The real issue is how Apple might have allowed this alleged defect to slip into production, in fact admitting that the signal display has always been incorrect ever since the first iPhone. And why would that bug suddenly become so significant, after tens of millions of iPhones have been sold around the world?

Of course, the truth is that pretty much all mobile phones will exhibit some sort of signal strength degradation if held the “wrong way,” which can vary from device to device.

Such design compromises are evidently the result of FCC regulations, which mandate that handset makers move the antennas as far away from your head as possible, so you don’t fry your brain or develop tumors from excess radiation. That posture forces certain design constraints that certainly make sense, although you’d rather believe you could hold your phone any way you want without hurting performance.

Now if Apple’s promised fix succeeds in its intent, which is displaying the real signal strength on your phone, so it doesn’t change so drastically when you hold it the wrong way, it will only be yet another product glitch in a long line of product glitches.

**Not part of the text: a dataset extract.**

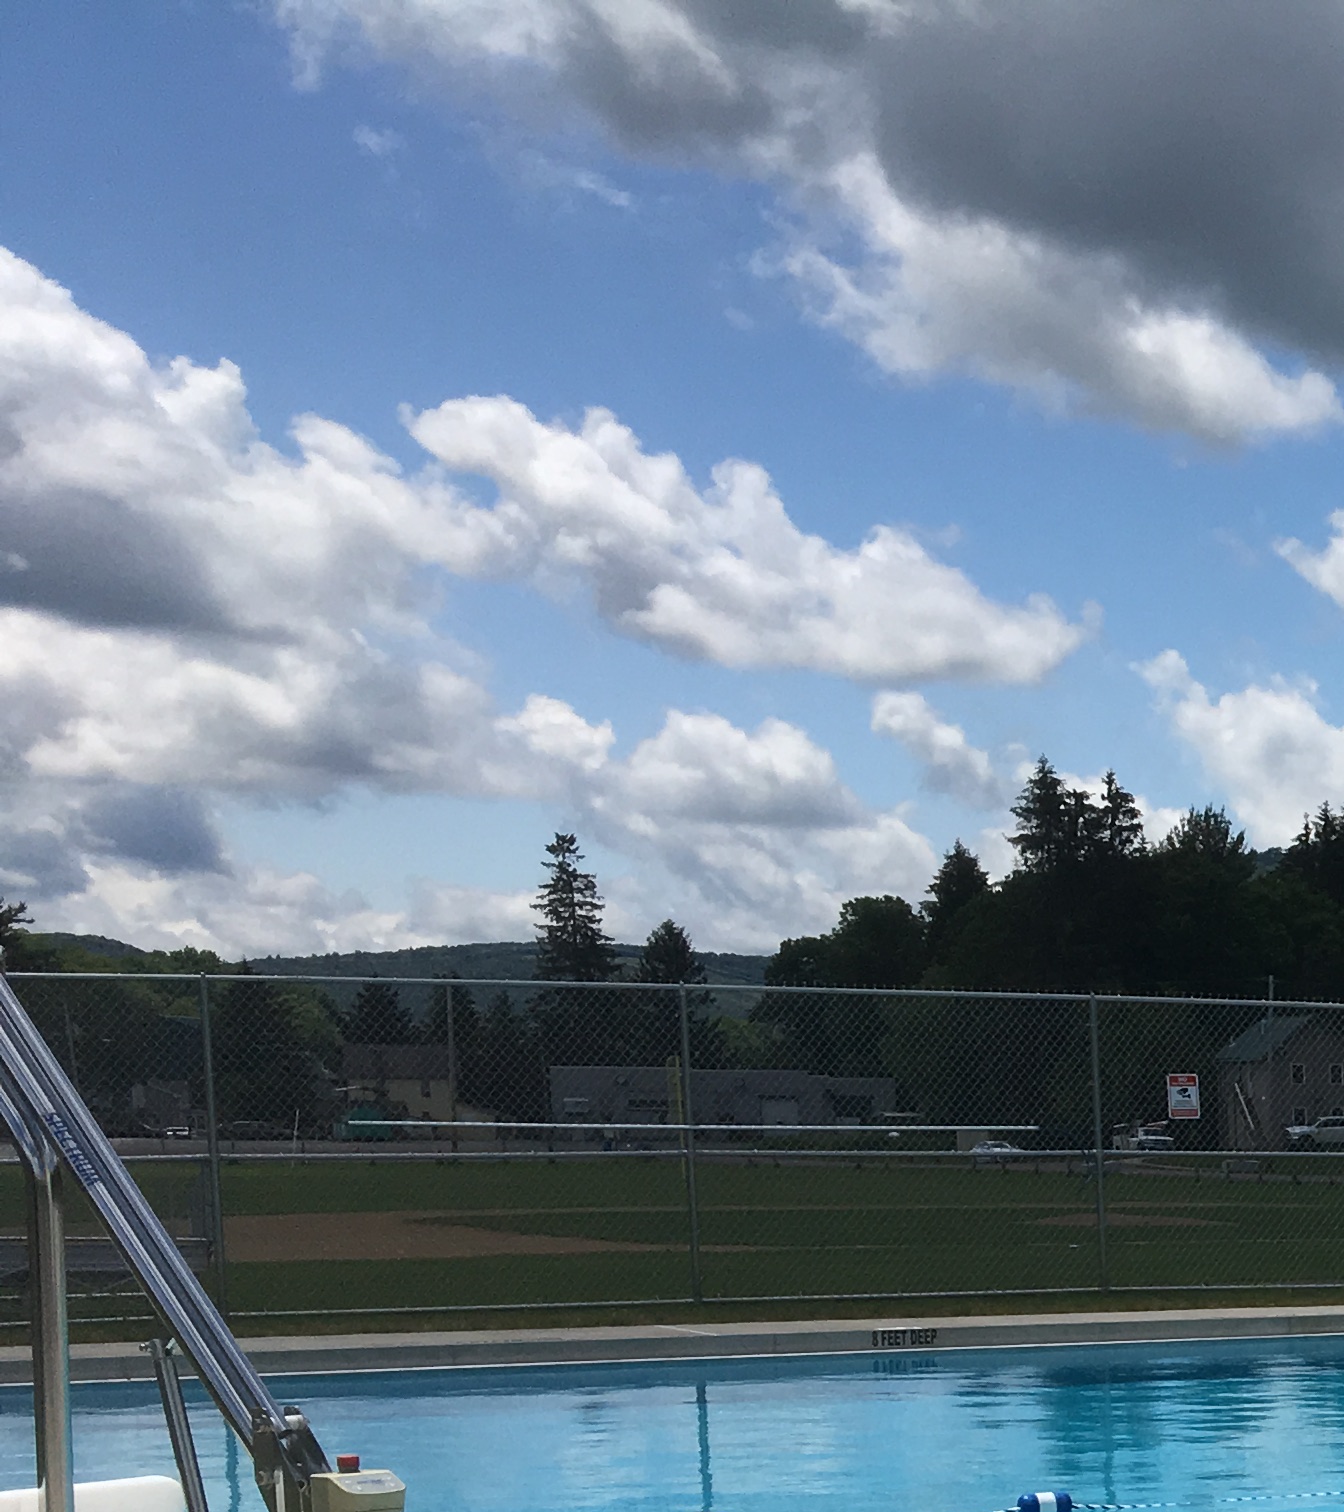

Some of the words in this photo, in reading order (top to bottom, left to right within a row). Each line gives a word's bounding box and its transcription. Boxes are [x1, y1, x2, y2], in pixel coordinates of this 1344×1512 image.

Apple didn’t help themselves, though, when their initial efforts at corporate spin control were not just uninformed, but sometimes downright insulting. Hold your iPhone differently indeed! At least Steve Jobs seems to understand that this was a serious PR misfire, but his assurances that Apple has the problem under review didn’t come soon enough.

I do hope that the fix is simply software. For Apple to be forced to recall millions of iPhones because of serious design defects might cause a huge black mark on their reputation for unparalleled success, not to mention money lost. It would also give Apple haters and rival companies lots of ammunition to grab a piece of the pie for themselves, and I’m sure Apple didn’t expect it to turn out that way.